[Input Boundary: Start]

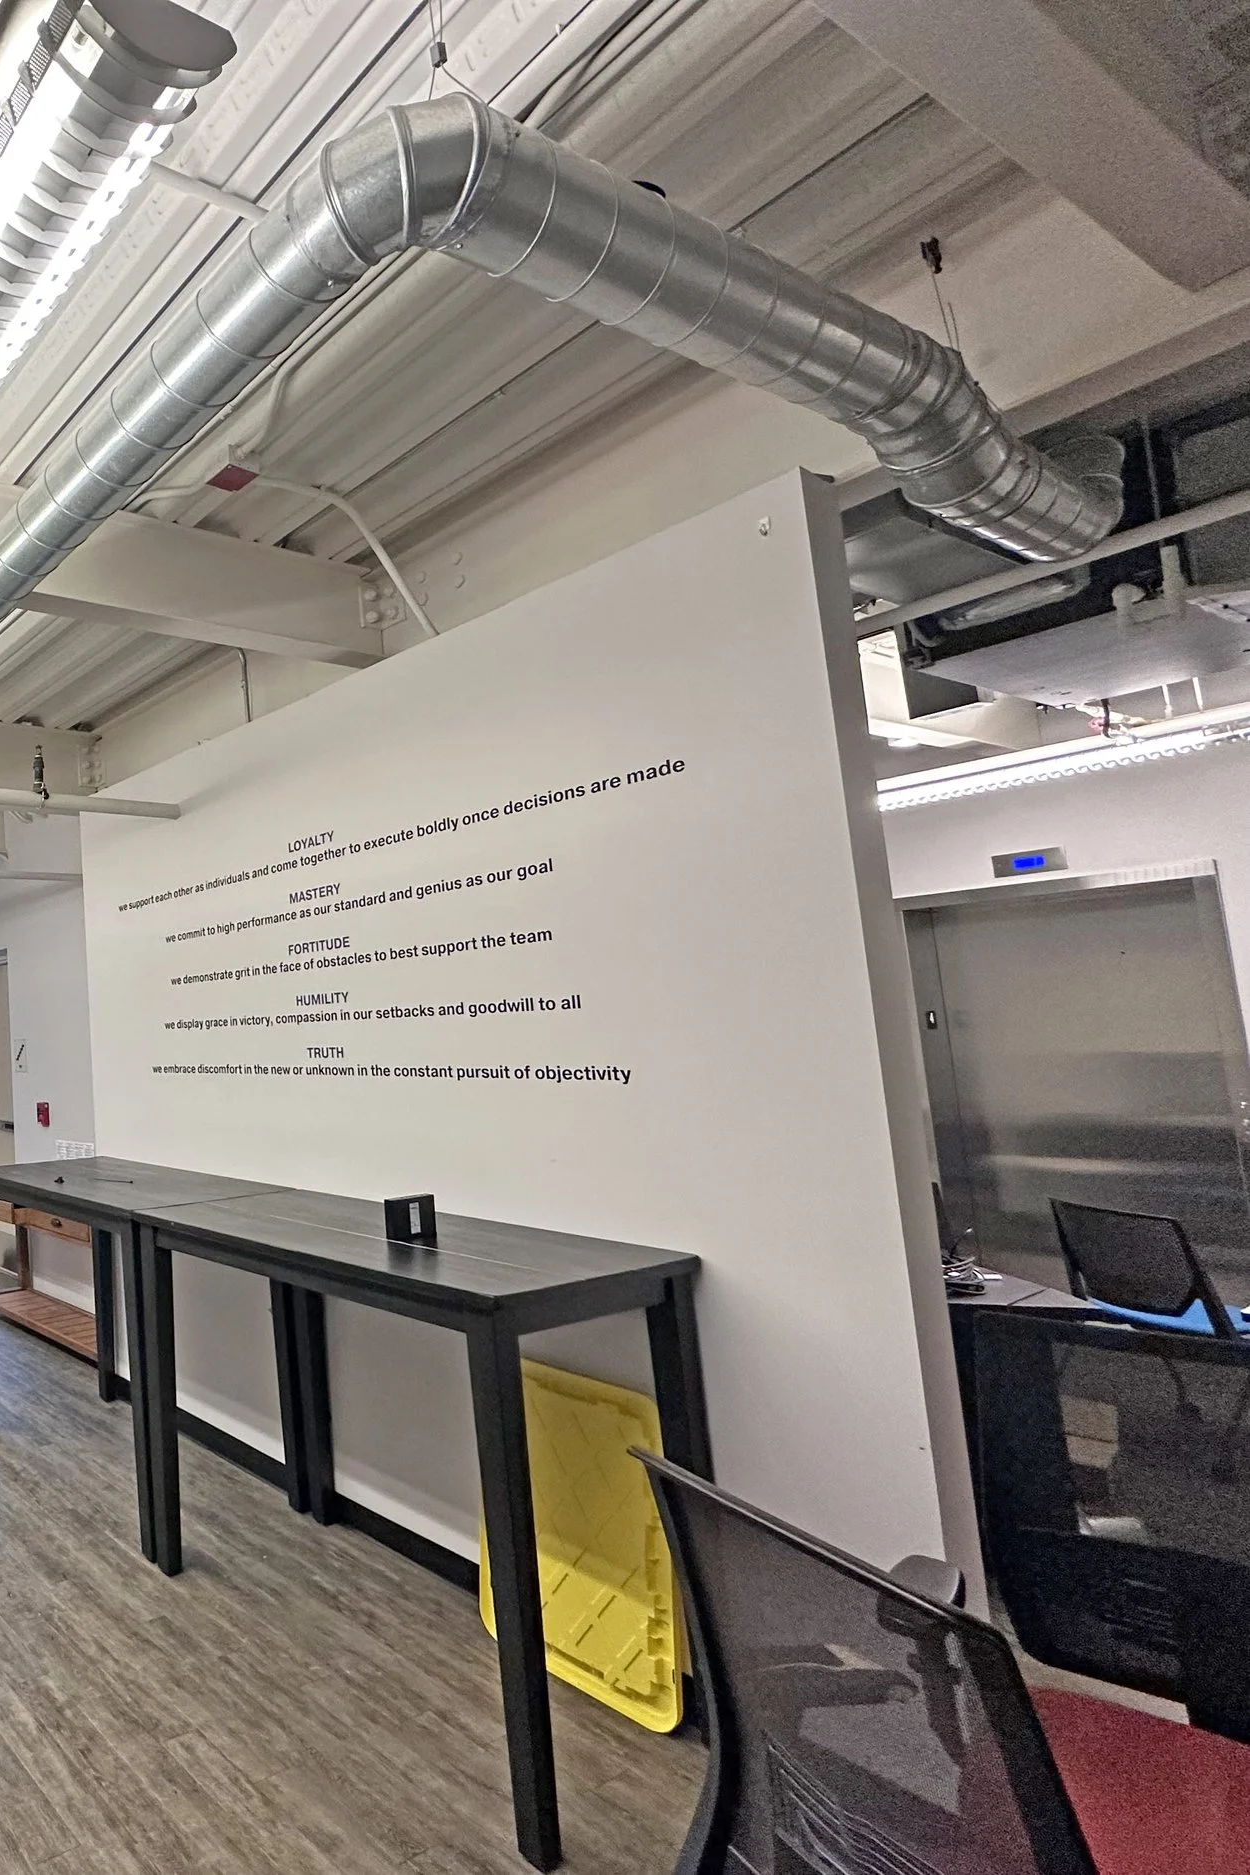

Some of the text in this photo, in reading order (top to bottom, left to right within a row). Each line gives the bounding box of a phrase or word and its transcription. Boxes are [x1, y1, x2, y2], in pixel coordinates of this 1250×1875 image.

[118, 759, 686, 913] we support each other as individuals and come together to execute boldly once decisions are made
[287, 830, 335, 853] LOYALTY
[165, 857, 554, 944] we commit to high performance as our standard and genius as our goal
[289, 882, 341, 905] MASTERY
[287, 935, 351, 956] FORTITUDE
[170, 929, 553, 986] we demonstrate grit in the face of obstacles to best support the team
[295, 991, 349, 1007] HUMILITY
[164, 994, 582, 1031] we display grace in victory, compassion in our setbacks and goodwill to all
[306, 1046, 345, 1059] TRUTH
[151, 1063, 632, 1085] we embrace discomfort in the new or unknown in the constant pursuit of objectivity

[Input Boundary: End]

- Problem:
Output the data exactly. Pictures don't belong in the result.

- Response:
Some of the text in this photo, in reading order (top to bottom, left to right within a row). Each line gives the bounding box of a phrase or word and its transcription. Boxes are [x1, y1, x2, y2], in pixel coordinates of this 1250×1875 image.

[118, 759, 686, 913] we support each other as individuals and come together to execute boldly once decisions are made
[287, 830, 335, 853] LOYALTY
[165, 857, 554, 944] we commit to high performance as our standard and genius as our goal
[289, 882, 341, 905] MASTERY
[287, 935, 351, 956] FORTITUDE
[170, 929, 553, 986] we demonstrate grit in the face of obstacles to best support the team
[295, 991, 349, 1007] HUMILITY
[164, 994, 582, 1031] we display grace in victory, compassion in our setbacks and goodwill to all
[306, 1046, 345, 1059] TRUTH
[151, 1063, 632, 1085] we embrace discomfort in the new or unknown in the constant pursuit of objectivity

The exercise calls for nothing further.